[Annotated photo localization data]

--- START ---

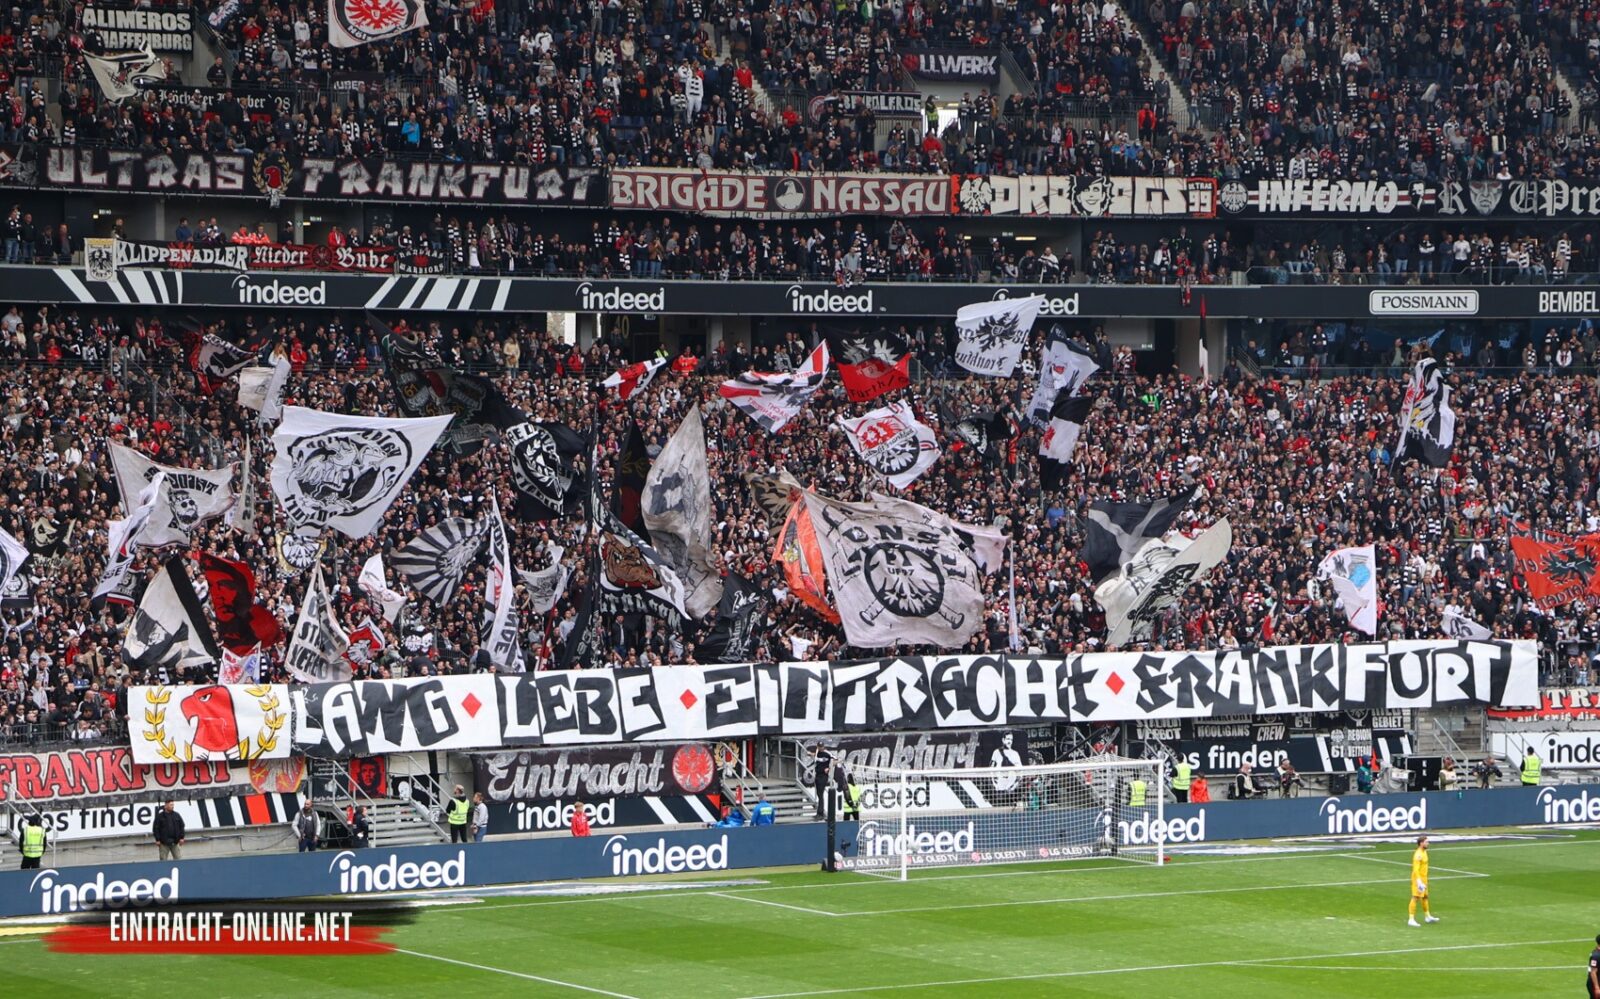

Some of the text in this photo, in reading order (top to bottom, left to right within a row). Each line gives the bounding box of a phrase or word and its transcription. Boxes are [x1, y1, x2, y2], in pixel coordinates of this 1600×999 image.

[82, 8, 191, 31] ALIMEROS
[46, 148, 600, 200] ULTRAS FRANKFURT
[612, 173, 948, 214] BRIGADE NASSAU
[1188, 190, 1213, 212] 99
[1258, 179, 1399, 214] INFERNO
[116, 240, 249, 271] KLIPPENADLER
[336, 246, 390, 269] Bube
[238, 278, 326, 305] indeed
[581, 286, 665, 311] indeed
[792, 288, 873, 313] indeed
[1380, 295, 1468, 310] POSSMANN
[1538, 291, 1600, 313] BEMBEL
[295, 640, 1501, 755] LANG LEBE EINTRACHT FRANKFURT
[1257, 726, 1285, 741] CREW
[1208, 745, 1288, 769] finden
[487, 747, 664, 800] Eintracht
[517, 799, 615, 830] indeed
[1101, 808, 1205, 844] indeed
[1327, 797, 1427, 834] indeed
[865, 821, 974, 857] indeed
[612, 834, 728, 876] indeed
[842, 860, 854, 868] LG
[857, 859, 877, 867] OLED
[912, 856, 924, 864] LG
[980, 852, 992, 860] LG
[339, 850, 466, 893] indeed
[40, 867, 179, 913] indeed

--- END ---

▸ **Exercise aim**
Line by line, print the records exactly, leaving the pictures behind.

▸ **Worked solution**
Some of the text in this photo, in reading order (top to bottom, left to right within a row). Each line gives the bounding box of a phrase or word and its transcription. Boxes are [x1, y1, x2, y2], in pixel coordinates of this 1600×999 image.

[82, 8, 191, 31] ALIMEROS
[46, 148, 600, 200] ULTRAS FRANKFURT
[612, 173, 948, 214] BRIGADE NASSAU
[1188, 190, 1213, 212] 99
[1258, 179, 1399, 214] INFERNO
[116, 240, 249, 271] KLIPPENADLER
[336, 246, 390, 269] Bube
[238, 278, 326, 305] indeed
[581, 286, 665, 311] indeed
[792, 288, 873, 313] indeed
[1380, 295, 1468, 310] POSSMANN
[1538, 291, 1600, 313] BEMBEL
[295, 640, 1501, 755] LANG LEBE EINTRACHT FRANKFURT
[1257, 726, 1285, 741] CREW
[1208, 745, 1288, 769] finden
[487, 747, 664, 800] Eintracht
[517, 799, 615, 830] indeed
[1101, 808, 1205, 844] indeed
[1327, 797, 1427, 834] indeed
[865, 821, 974, 857] indeed
[612, 834, 728, 876] indeed
[842, 860, 854, 868] LG
[857, 859, 877, 867] OLED
[912, 856, 924, 864] LG
[980, 852, 992, 860] LG
[339, 850, 466, 893] indeed
[40, 867, 179, 913] indeed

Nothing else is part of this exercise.